Exercise objective: Pictures do not belong in the copy; transcribe everything else in the records exactly.

Given entries:
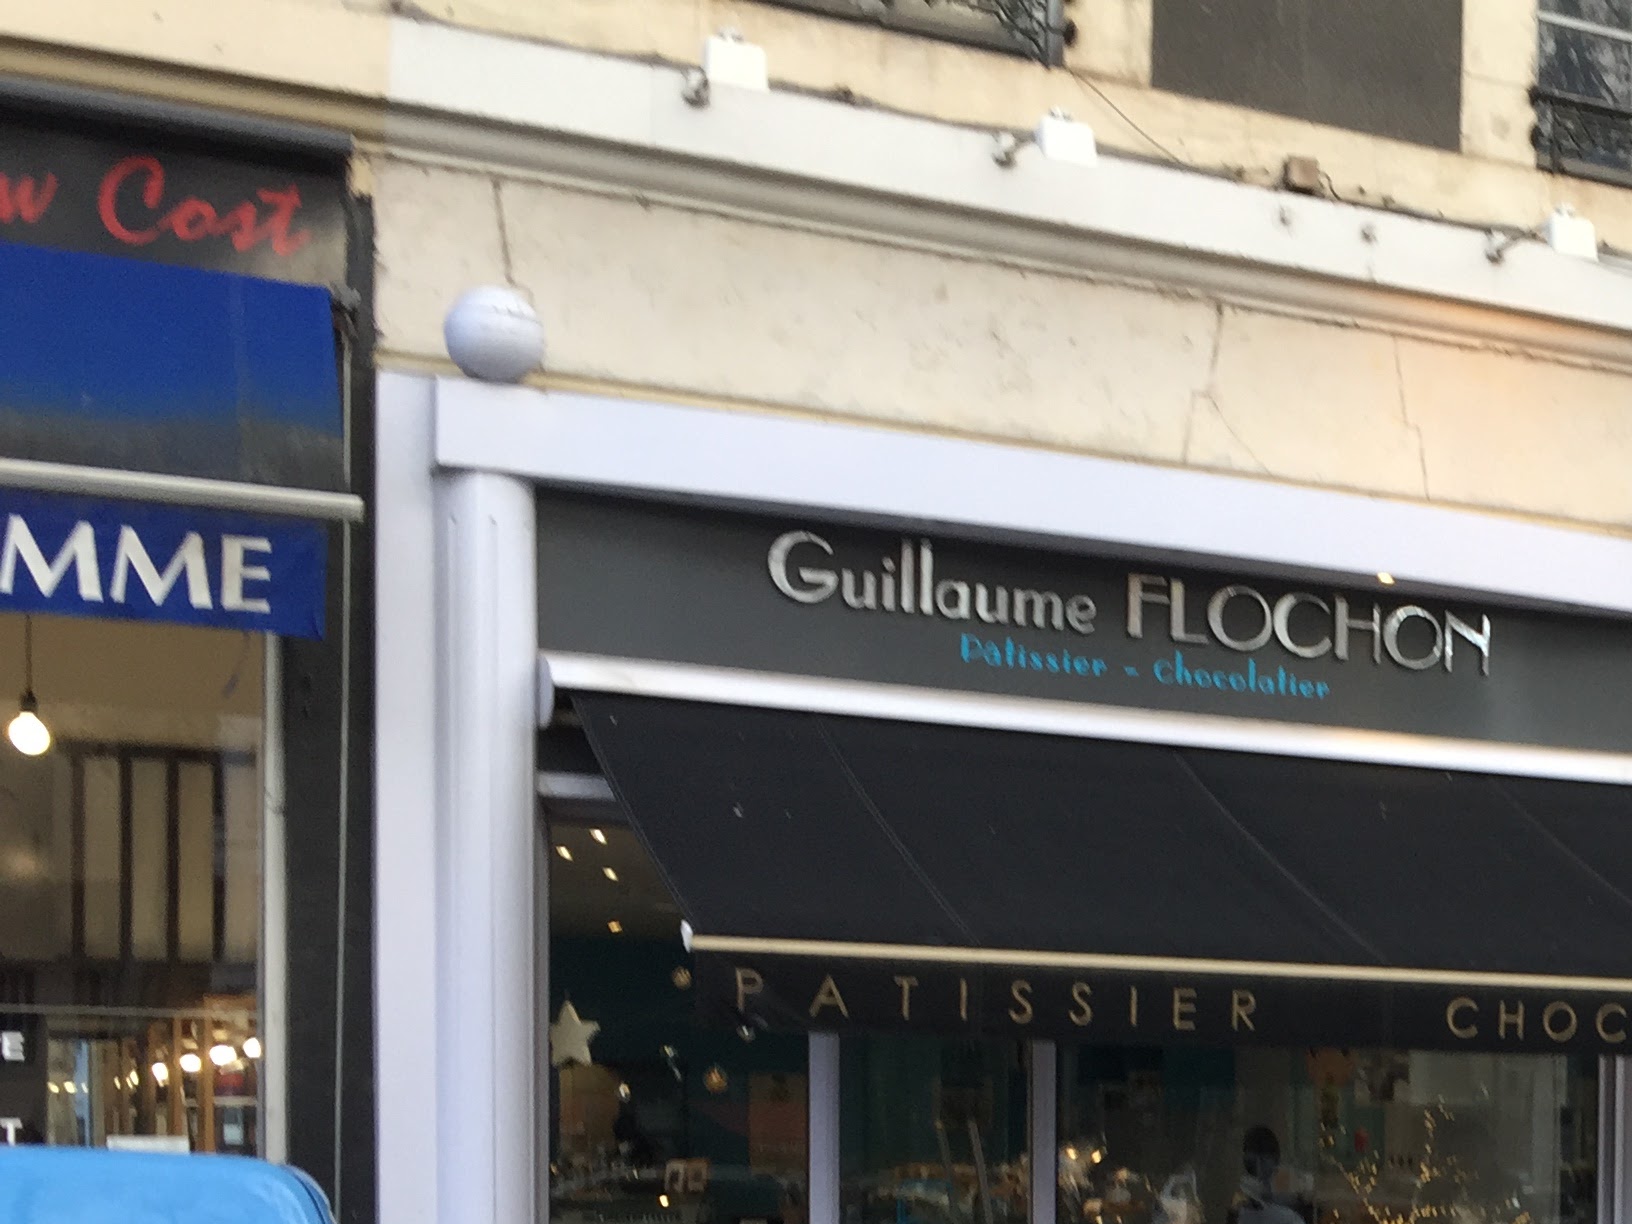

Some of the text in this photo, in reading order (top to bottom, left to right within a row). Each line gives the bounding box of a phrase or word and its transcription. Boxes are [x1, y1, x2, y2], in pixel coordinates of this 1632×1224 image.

[97, 156, 312, 256] Cost
[766, 530, 1493, 677] Guillaume FLOCHON
[1152, 650, 1331, 701] Chocolatier
[735, 966, 1257, 1032] PATISSIER
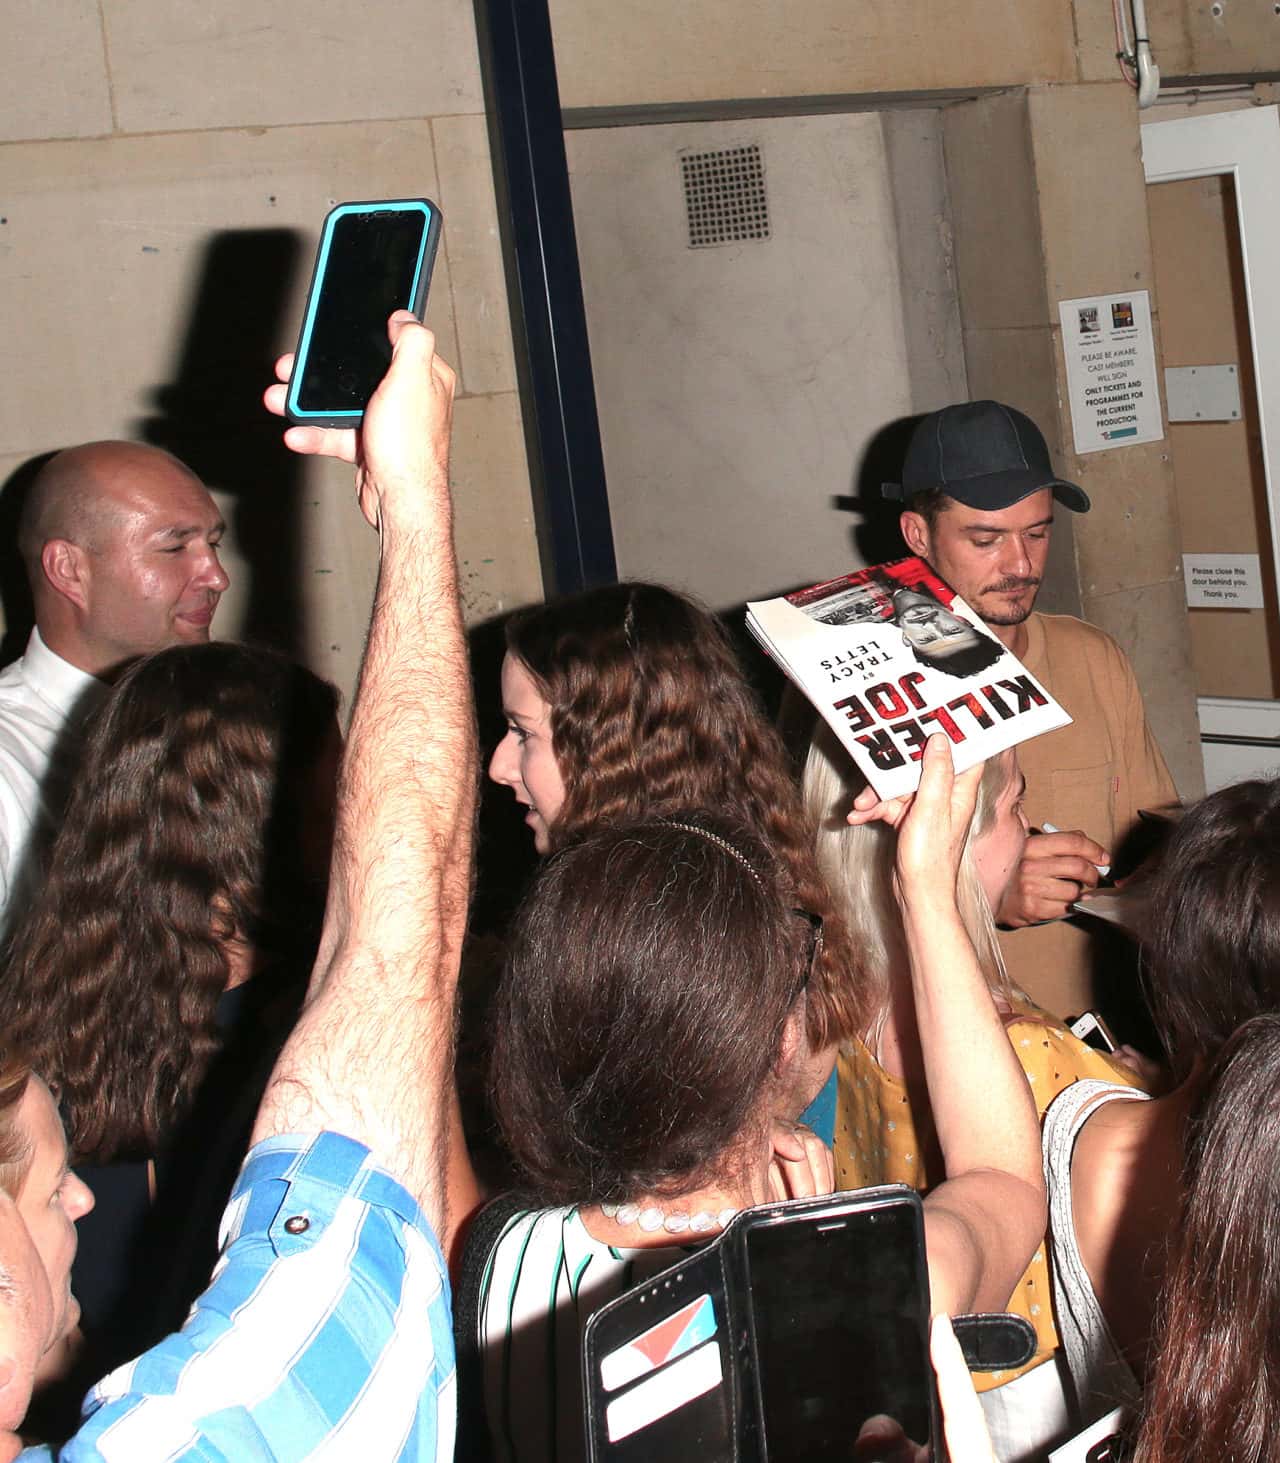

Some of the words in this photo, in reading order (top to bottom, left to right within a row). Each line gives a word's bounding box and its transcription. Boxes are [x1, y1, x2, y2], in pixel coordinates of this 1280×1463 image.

[1081, 352, 1103, 362] PLEASE
[1088, 363, 1103, 372] CAST
[1105, 359, 1135, 369] MEMBERS
[1085, 386, 1101, 395] ONLY
[1103, 382, 1126, 392] TICKETS
[1128, 380, 1142, 388] AND
[1086, 393, 1130, 406] PROGRAMMES
[1097, 408, 1107, 416] THE
[1109, 403, 1136, 414] CURRENT
[1192, 567, 1213, 575] Please
[1215, 567, 1232, 575] close
[1234, 567, 1246, 575] this
[1208, 578, 1232, 586] behind
[1203, 590, 1222, 598] Thank
[820, 640, 880, 670] LETTS
[830, 652, 893, 683] TRACY
[862, 672, 875, 681] BY
[833, 672, 927, 732] JOE
[854, 675, 1049, 770] KILLER
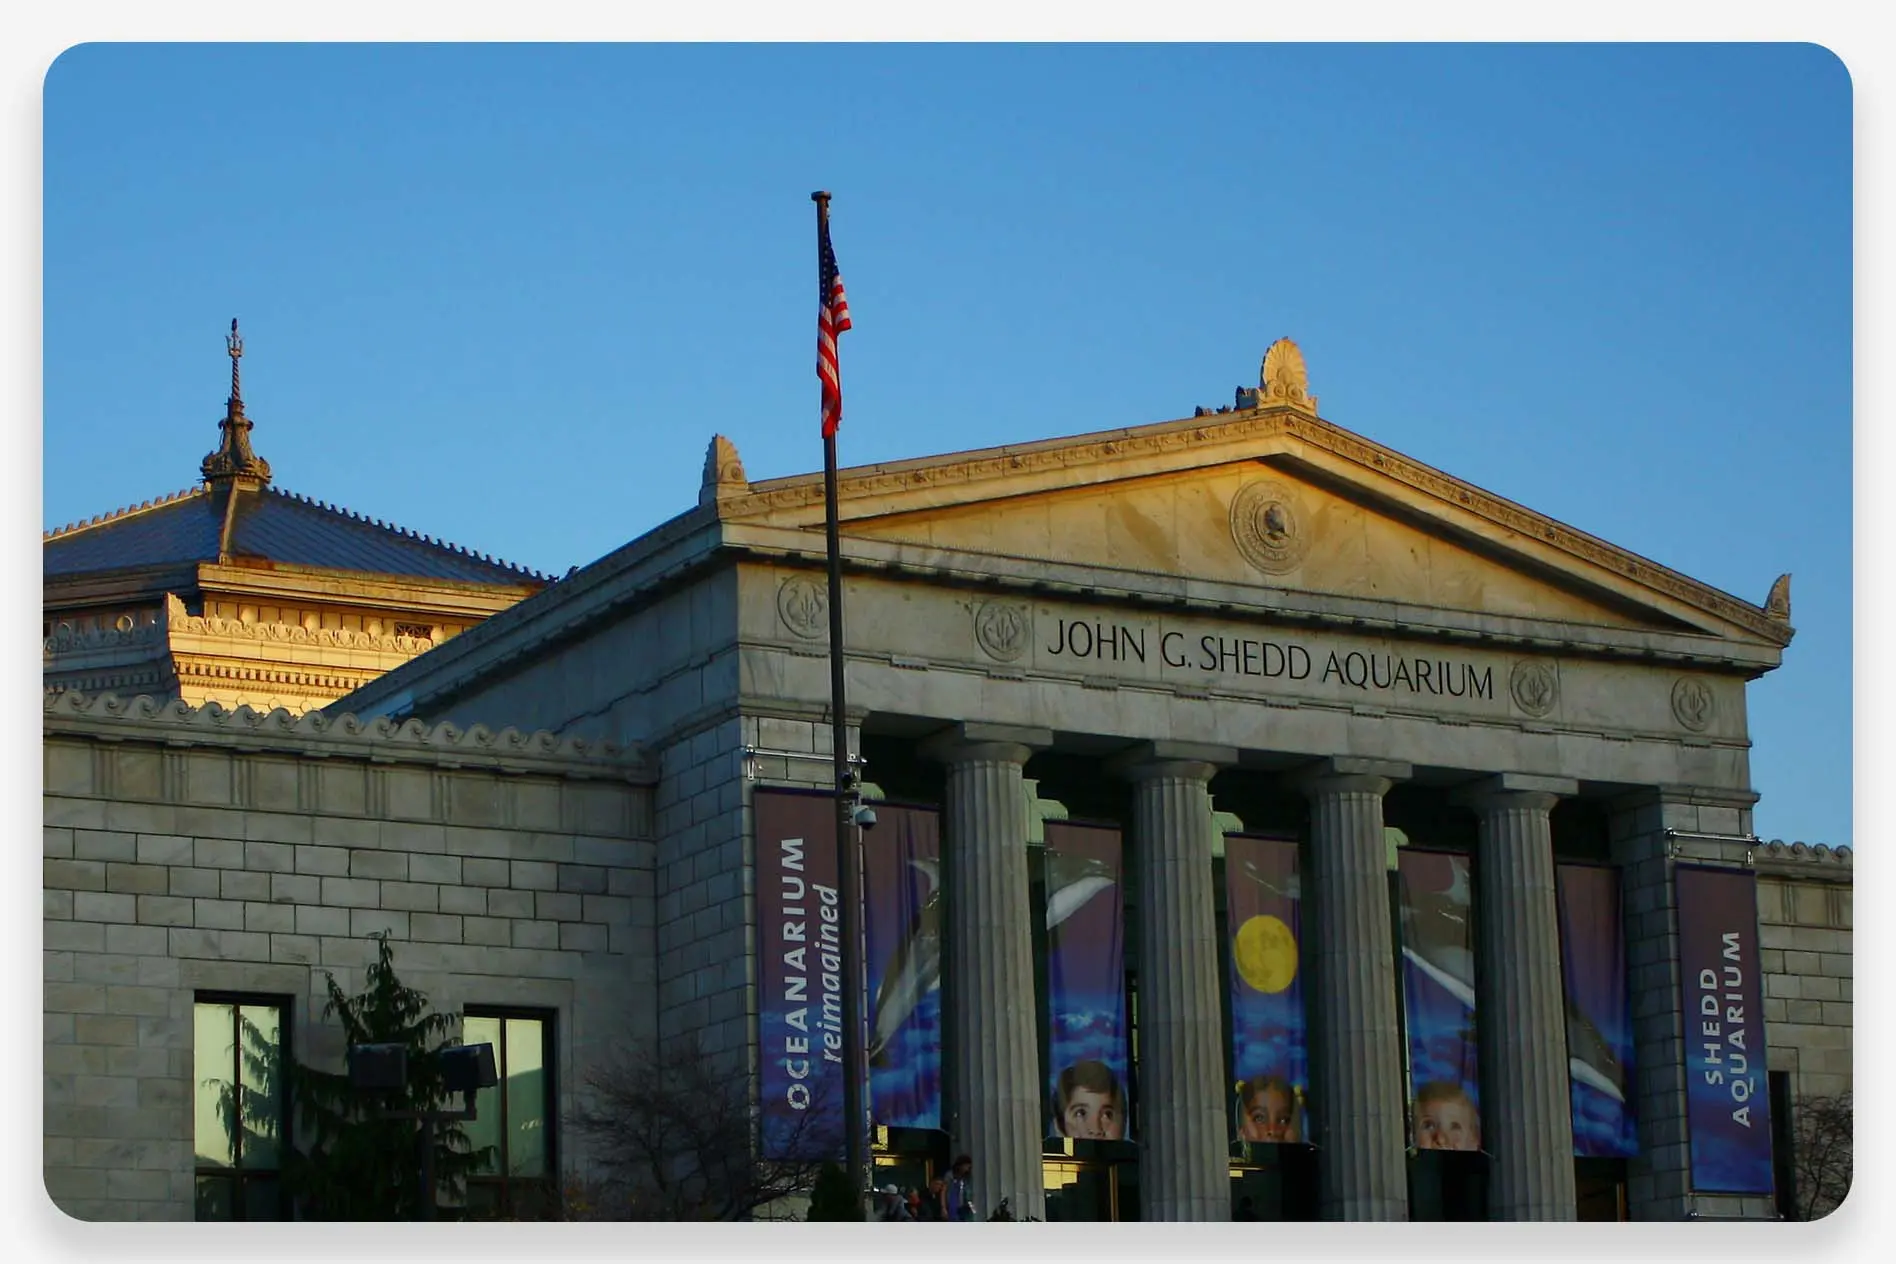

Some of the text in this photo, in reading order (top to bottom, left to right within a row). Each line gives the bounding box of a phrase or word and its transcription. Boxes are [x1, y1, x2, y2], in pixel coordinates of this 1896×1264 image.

Answer area:
Some of the text in this photo, in reading order (top to bottom, left to right within a row). Each line gives the bounding box of a phrase or word and its transcription. Boxes are [x1, y1, x2, y2], in pixel coordinates of this 1632×1224 image.

[97, 156, 312, 256] Cost
[766, 530, 1493, 677] Guillaume FLOCHON
[1152, 650, 1331, 701] Chocolatier
[735, 966, 1257, 1032] PATISSIER

Some of the words in this photo, in reading order (top to bottom, left to right within a row). Each line gives a word's bounding box and its transcription. Boxes are [x1, y1, x2, y2], in pixel coordinates of this 1280×1463 image.

[1081, 352, 1103, 362] PLEASE
[1088, 363, 1103, 372] CAST
[1105, 359, 1135, 369] MEMBERS
[1085, 386, 1101, 395] ONLY
[1103, 382, 1126, 392] TICKETS
[1128, 380, 1142, 388] AND
[1086, 393, 1130, 406] PROGRAMMES
[1097, 408, 1107, 416] THE
[1109, 403, 1136, 414] CURRENT
[1192, 567, 1213, 575] Please
[1215, 567, 1232, 575] close
[1234, 567, 1246, 575] this
[1208, 578, 1232, 586] behind
[1203, 590, 1222, 598] Thank
[820, 640, 880, 670] LETTS
[830, 652, 893, 683] TRACY
[862, 672, 875, 681] BY
[833, 672, 927, 732] JOE
[854, 675, 1049, 770] KILLER

Some of the text in this photo, in reading order (top to bottom, left to right within a row). Each line gives the bounding box of a phrase or word and its transcription. Boxes are [x1, y1, x2, y2], in pixel coordinates of this 1896×1264 image.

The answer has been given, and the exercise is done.